According to a study published in JAMIA, a willingness to learn on the job by asking questions was important for resident development in EHR use and clinical documentation.
Researchers conducted qualitative semi-structured interviews with 32 residents and 13 clinic personnel at an internal medicine residency program.
Enhanced EHR training during residency programs can improve EHR efficiency, allowing residents to spend more time developing clinical knowledge and improving patient care quality.
However, increasing documentation requirements from payers and regulators impose significant time and effort costs on residents. Therefore, the authors emphasized that resident EHR training must include general EHR use skills development and documentation skills development.
While research on resident EHR training practices is scarce, with a recent literature review finding just four studies on training residents to leverage EHR systems properly, one challenge is balancing time demands to provide specific learning events.
Through their qualitative study, the researchers found that learning effective EHR use is a combination of planned interventions on the part of residency programs and personal initiative to learn on the part of residents.
"Specifically, while onboarding training can provide an entry base of knowledge, ongoing opportunities for learning are essential to effective clinical skills development; opportunities that include formalized mentoring relationships between senior and junior residents and creating a culture where residents feel comfortable asking questions from any clinic personnel," the researchers wrote.
For instance, medical assistants (MAs) and residents in the study noted that MAs have direct visibility into challenges that residents experience with completing EHR documentation requirements.
"Clinic rotations in residency programs should therefore foster closer relationships between MAs and residents to enable the MAs to guide and train residents as these issues are evidenced," the authors suggested.
Encouraging residents to engage with one another to share EHR best practices can also lead to skill gains and increased initiative to share knowledge with peers.

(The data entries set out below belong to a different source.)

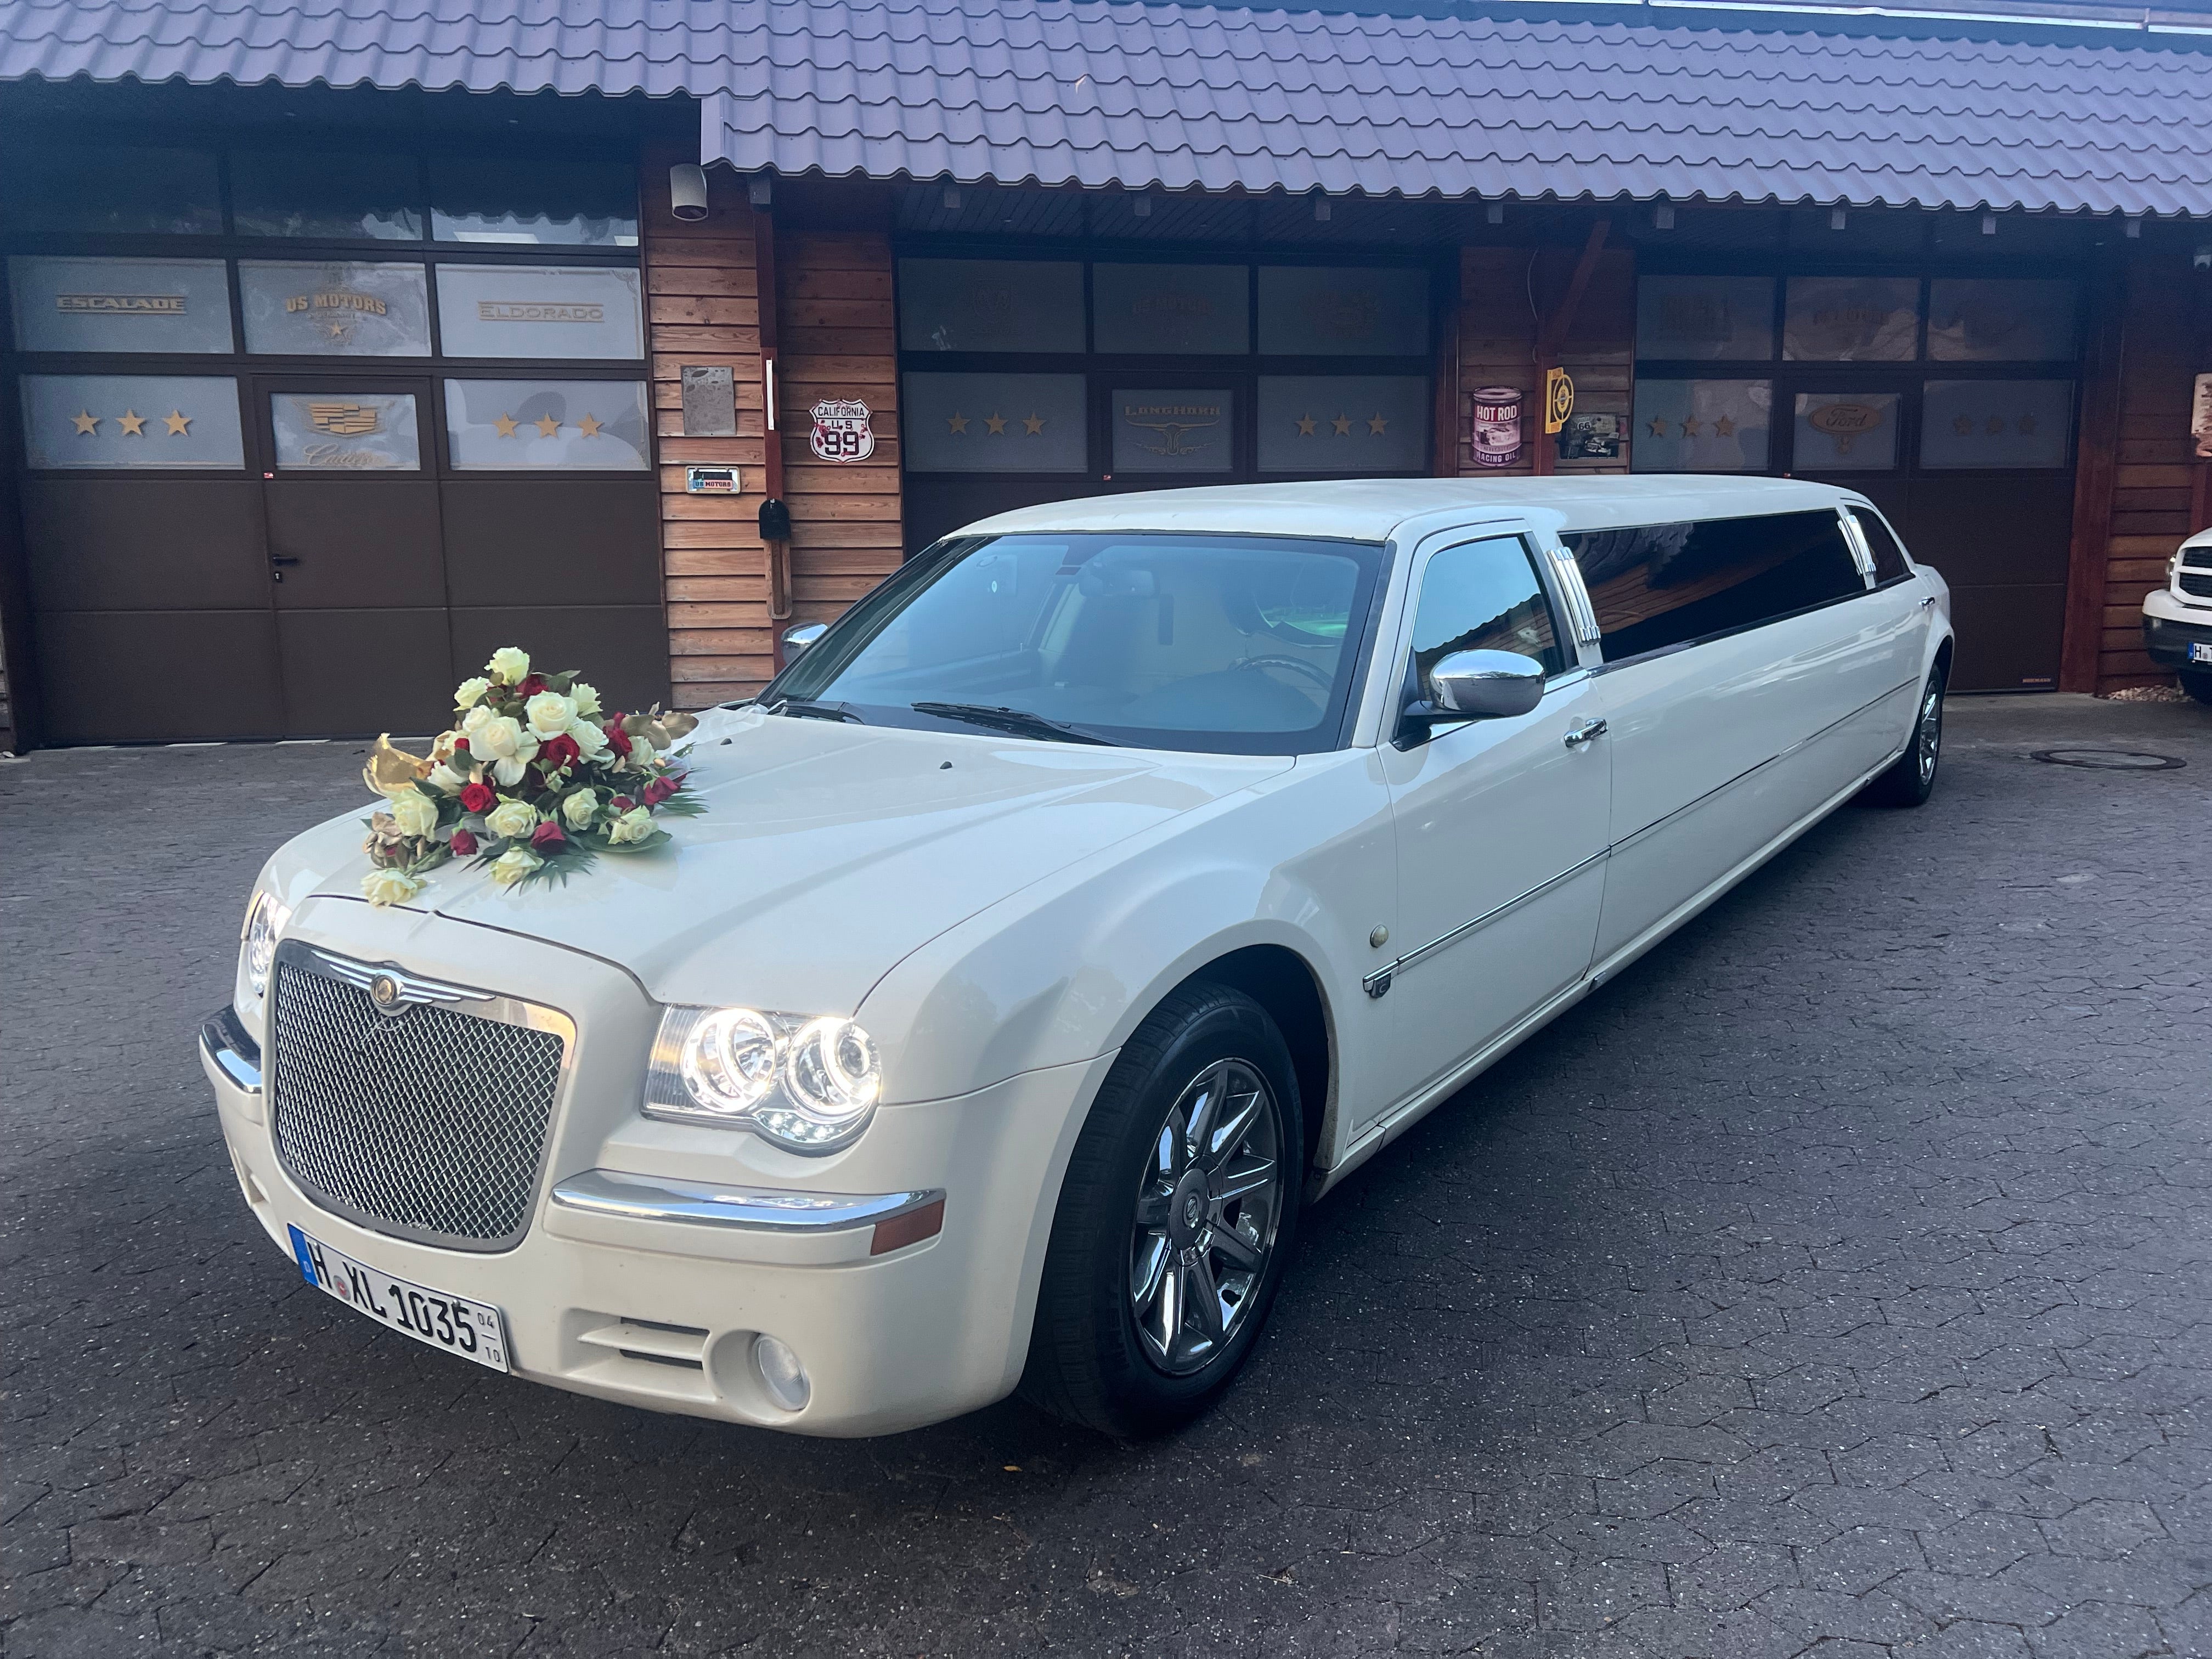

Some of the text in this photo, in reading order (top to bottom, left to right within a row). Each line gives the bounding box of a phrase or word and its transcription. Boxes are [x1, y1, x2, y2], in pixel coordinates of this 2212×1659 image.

[56, 297, 185, 311] ESCALADE
[285, 292, 387, 316] US MOTORS
[479, 305, 603, 319] ELDORADO
[818, 407, 865, 417] CALIFORNIA
[1476, 405, 1517, 421] HOT ROD
[1826, 408, 1868, 426] Ford
[1578, 421, 1591, 431] 66
[824, 431, 860, 455] 99
[1476, 450, 1516, 463] RACING OIL
[2194, 645, 2202, 658] H
[307, 1241, 477, 1353] H XL 1035
[485, 1346, 501, 1363] 10

With most hospitals and physician's offices leveraging EHRs to manage patient health data and payers moving to performance and outcome-based compensation models, documentation requirements for physicians have increased significantly in recent years.
For residents, this means reduced clinical skill development time, less patient engagement, and longer workdays, potentially contributing to burnout.

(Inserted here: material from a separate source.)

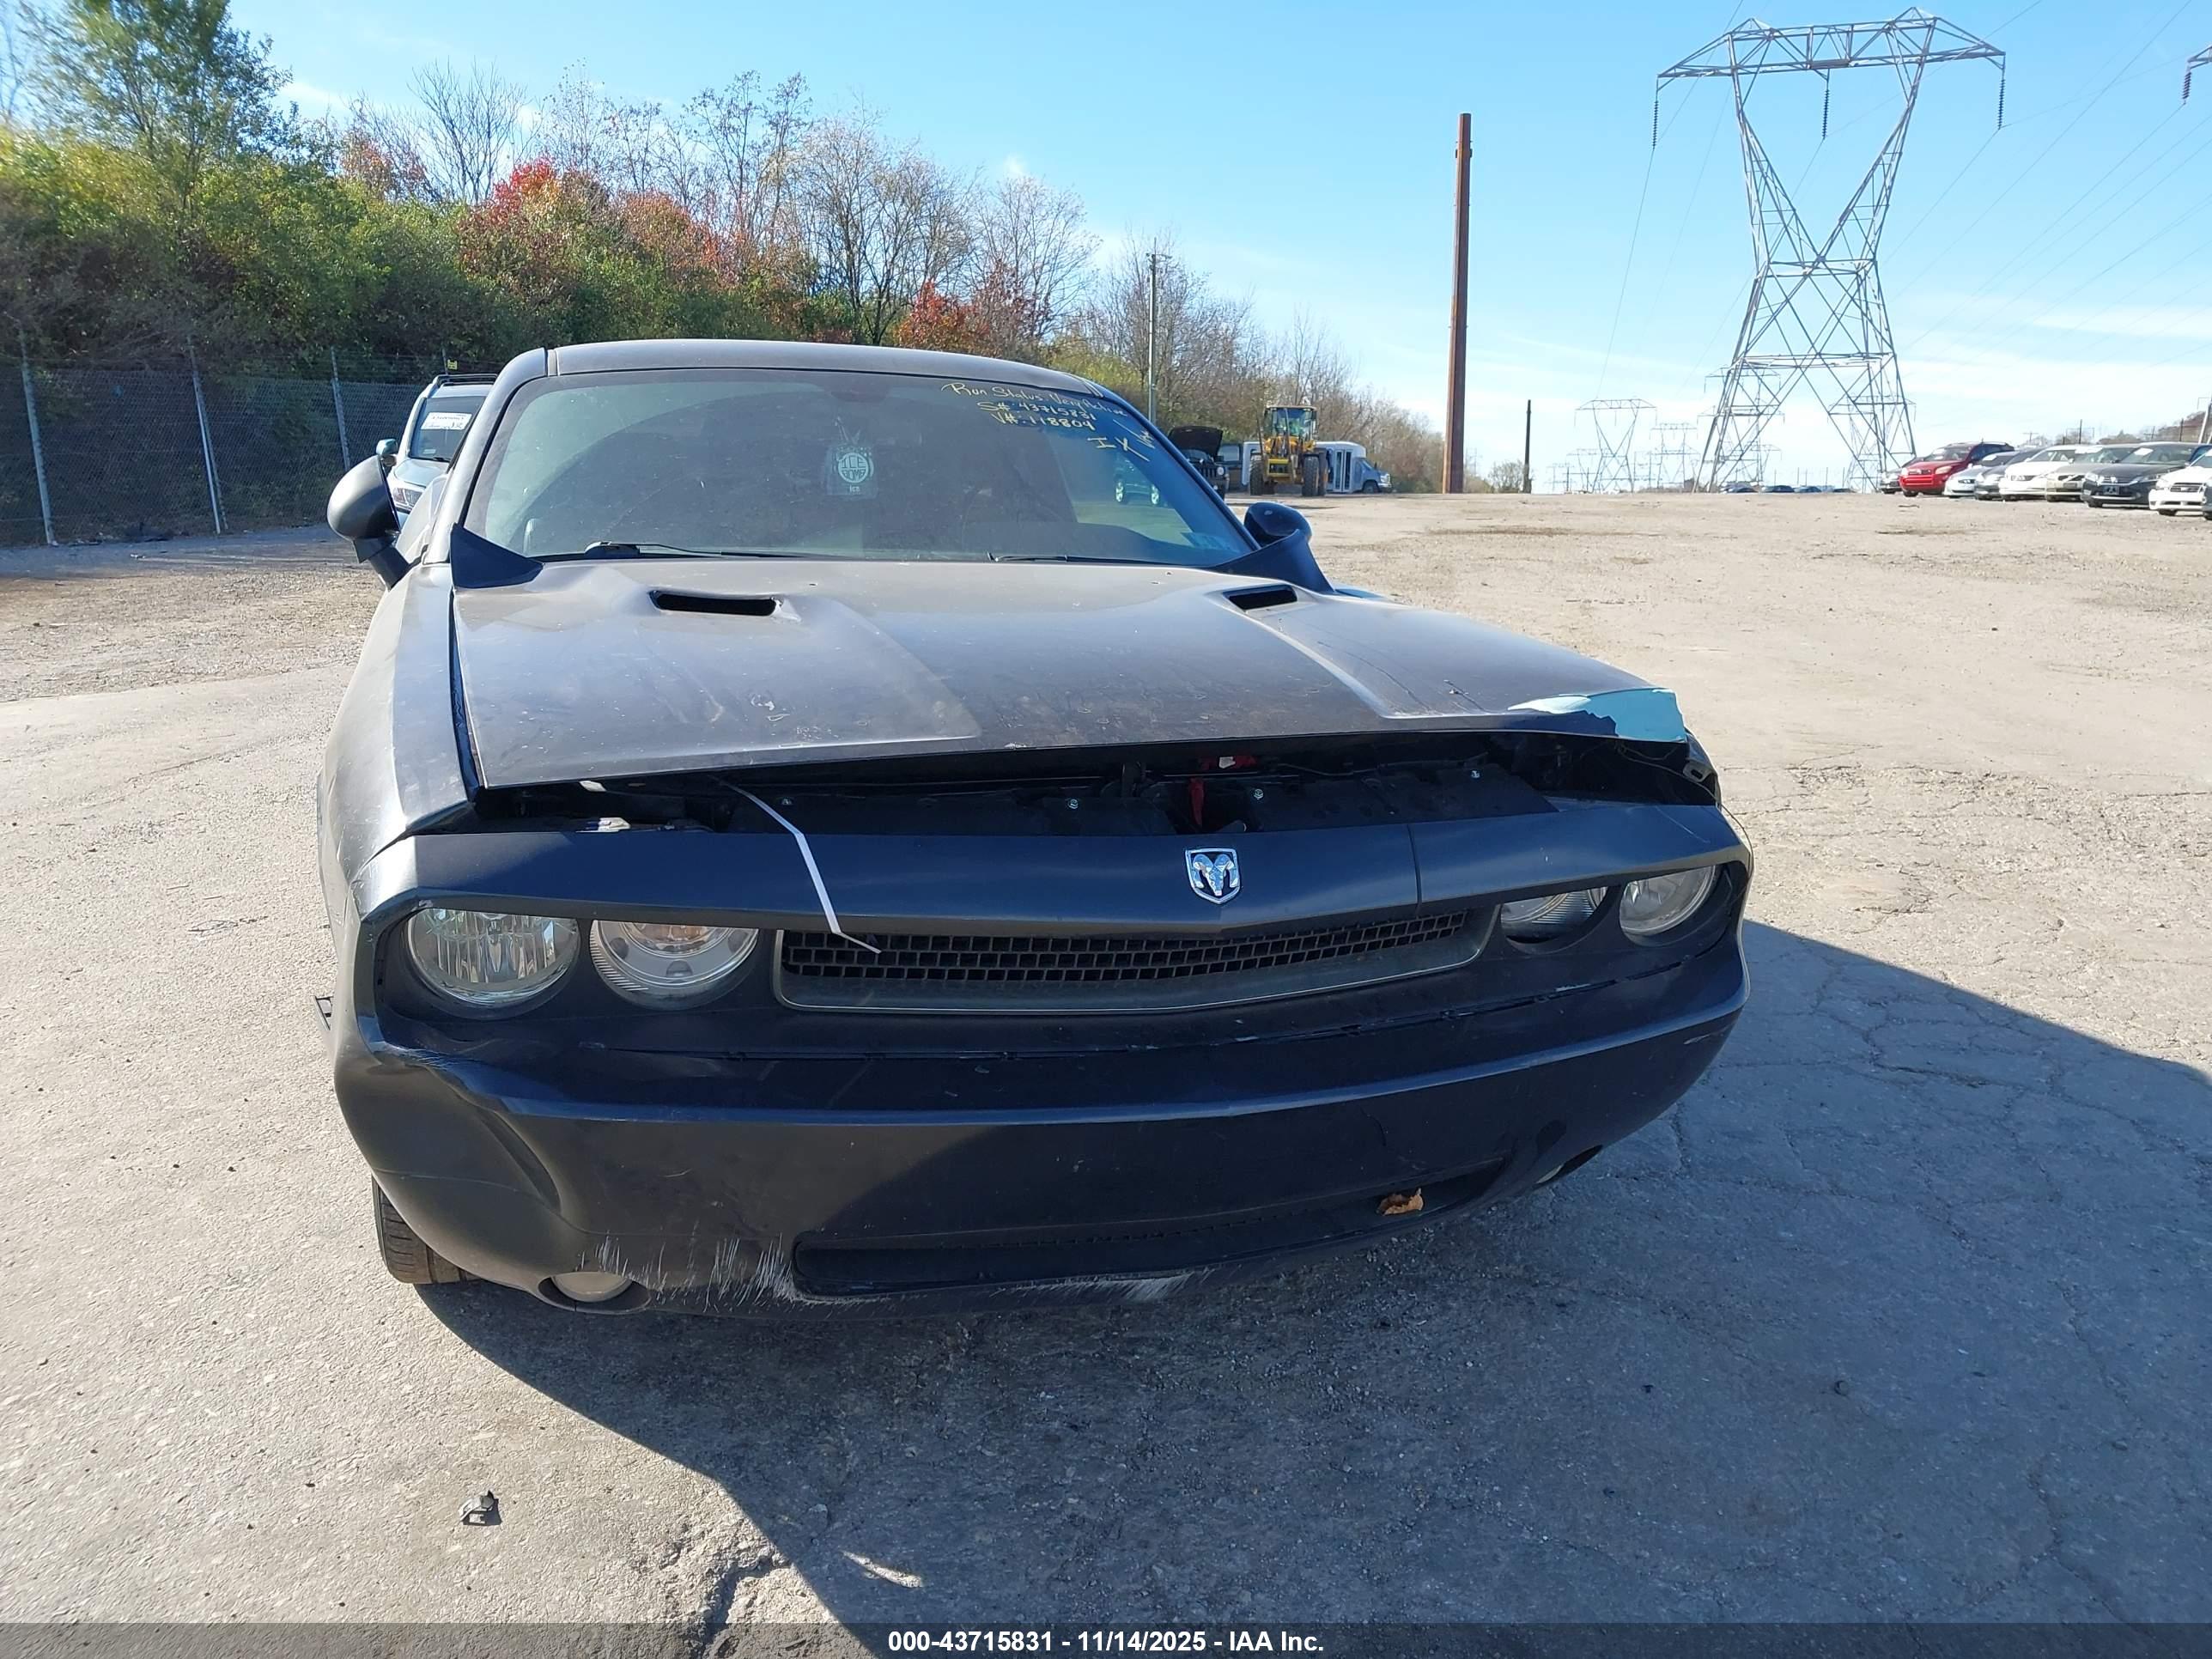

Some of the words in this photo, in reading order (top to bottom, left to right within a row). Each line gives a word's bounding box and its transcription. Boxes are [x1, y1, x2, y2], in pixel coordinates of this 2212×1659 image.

"Given that EHR systems are here to stay, actionable solutions for residency programs are necessary to address these challenges," the authors emphasized.
They suggested that one option would be to empower patients to take a more active role in their care.
Residents in the study often felt overwhelmed by EHR alerts to document quality measures during patient visits for acute problems. Ideally, providers should address quality measures during annual wellness visits. Prompting patients to schedule and keep annual wellness visits would allow residents to stay focused on the focal problem for acute care visits.
"That would also have the added benefit of giving the resident time to develop personalized preventive care plans for more of their patients, which could improve health outcomes for those patients and further develop the resident's clinical skills," the researchers pointed out.
"Enabling and prompting patients to provide information for quality measures documentation ahead of visits would be another way to shift some documentation burden from residents as well as empower patients to take more ownership of their care," they added.
Providers could leverage patient portals for this purpose by sending patients a pre-visit questionnaire that included quality measures questions with a video explaining how to complete the documentation and why there is value in that activity.